◆ **What you need to do**: An exact transcription of the records is required, minus any images.

[Source data]
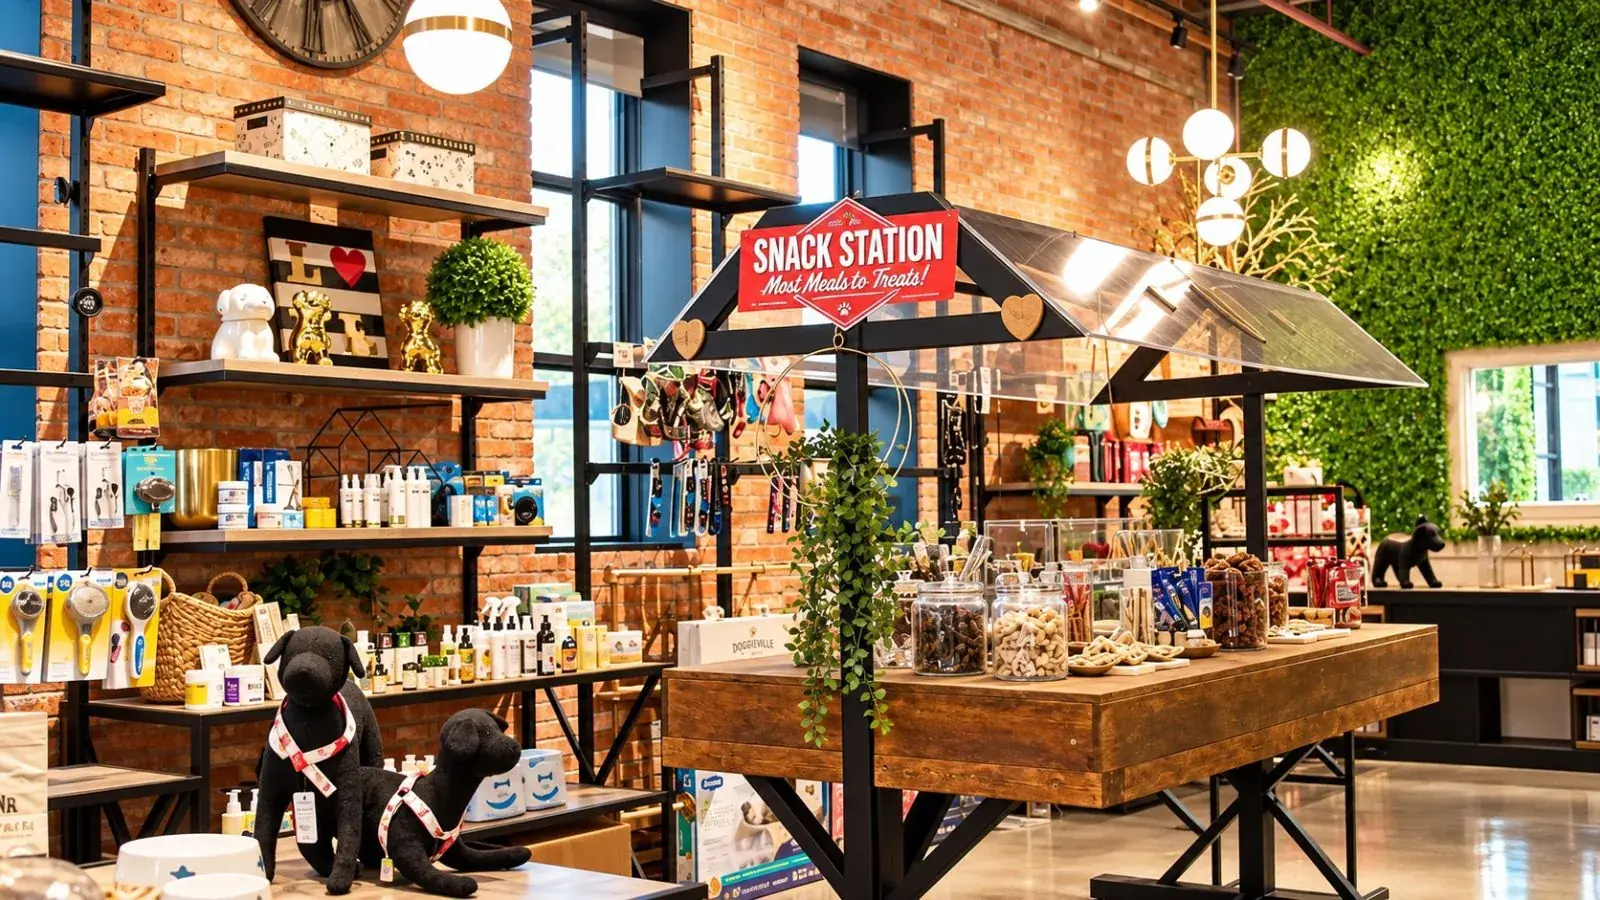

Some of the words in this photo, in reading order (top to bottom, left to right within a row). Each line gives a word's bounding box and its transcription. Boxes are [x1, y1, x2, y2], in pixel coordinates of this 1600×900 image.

[753, 233, 833, 274] SNACK
[839, 223, 943, 267] STATION
[761, 273, 802, 296] Most
[801, 270, 851, 294] Meals
[849, 270, 869, 290] to
[872, 264, 930, 289] Treats!
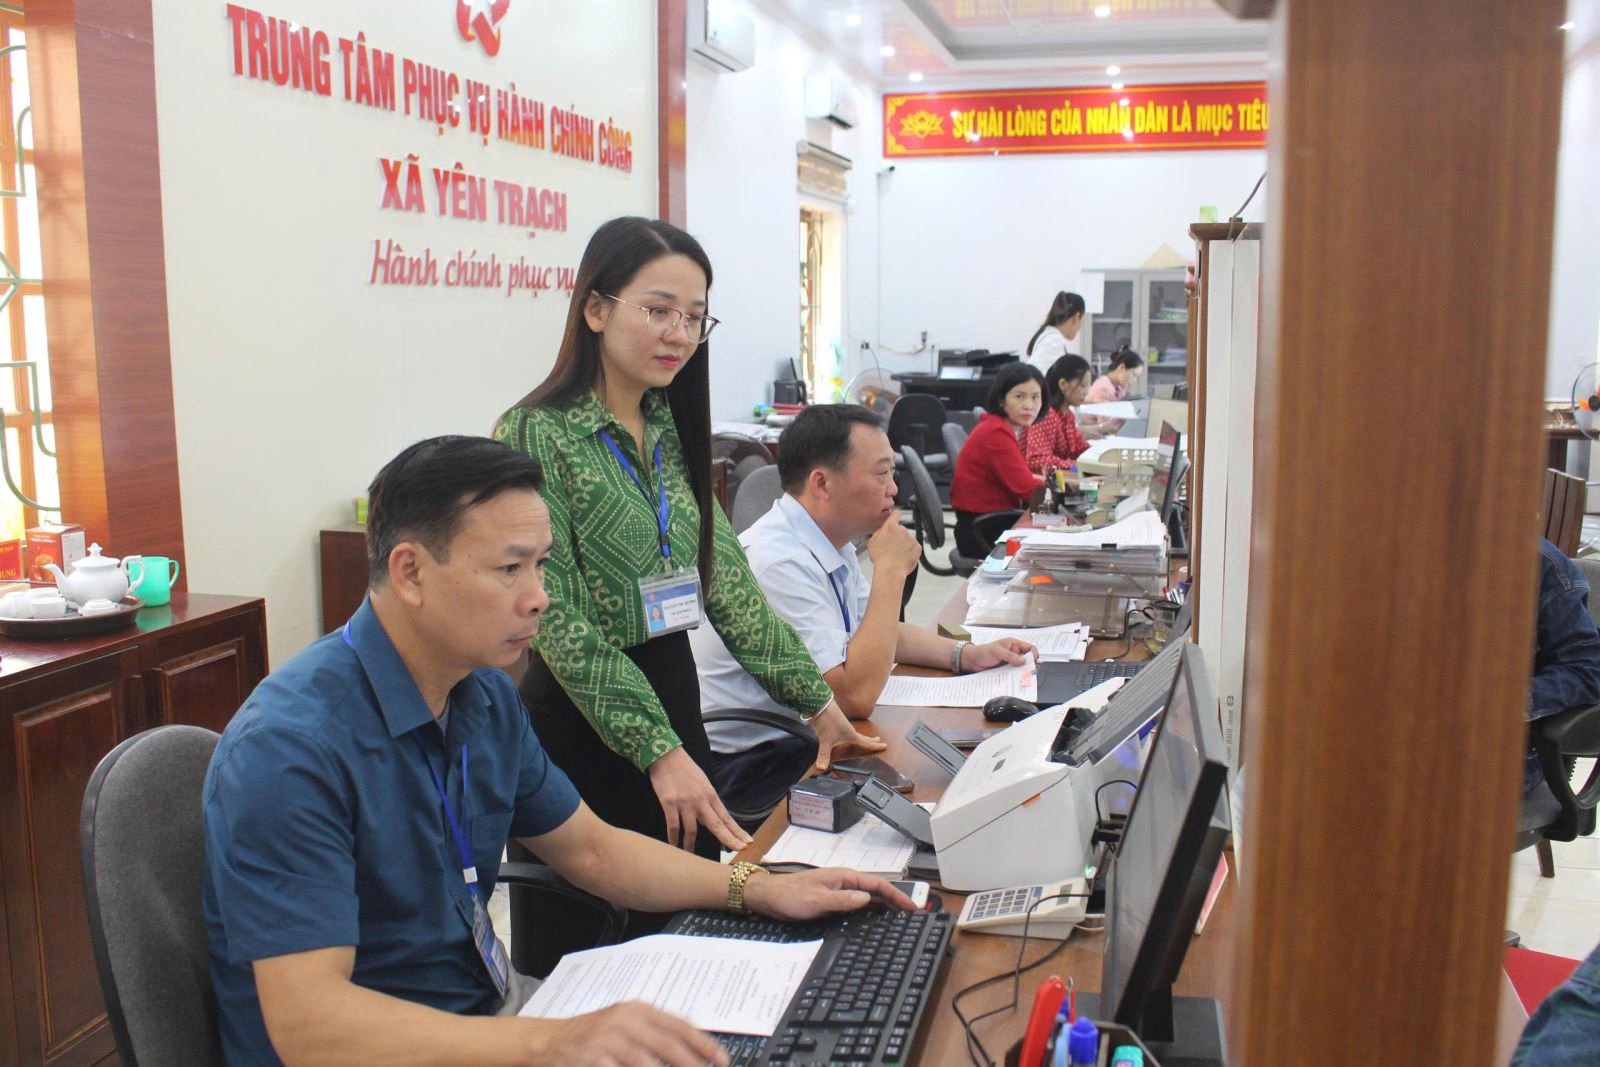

◆ **Answer to the problem**:
Some of the words in this photo, in reading order (top to bottom, left to right within a row). Each line gives a word's bounding box and its transcription. Boxes are [x1, y1, x2, y2], in pixel coordinates of this 1600×900 image.

[753, 233, 833, 274] SNACK
[839, 223, 943, 267] STATION
[761, 273, 802, 296] Most
[801, 270, 851, 294] Meals
[849, 270, 869, 290] to
[872, 264, 930, 289] Treats!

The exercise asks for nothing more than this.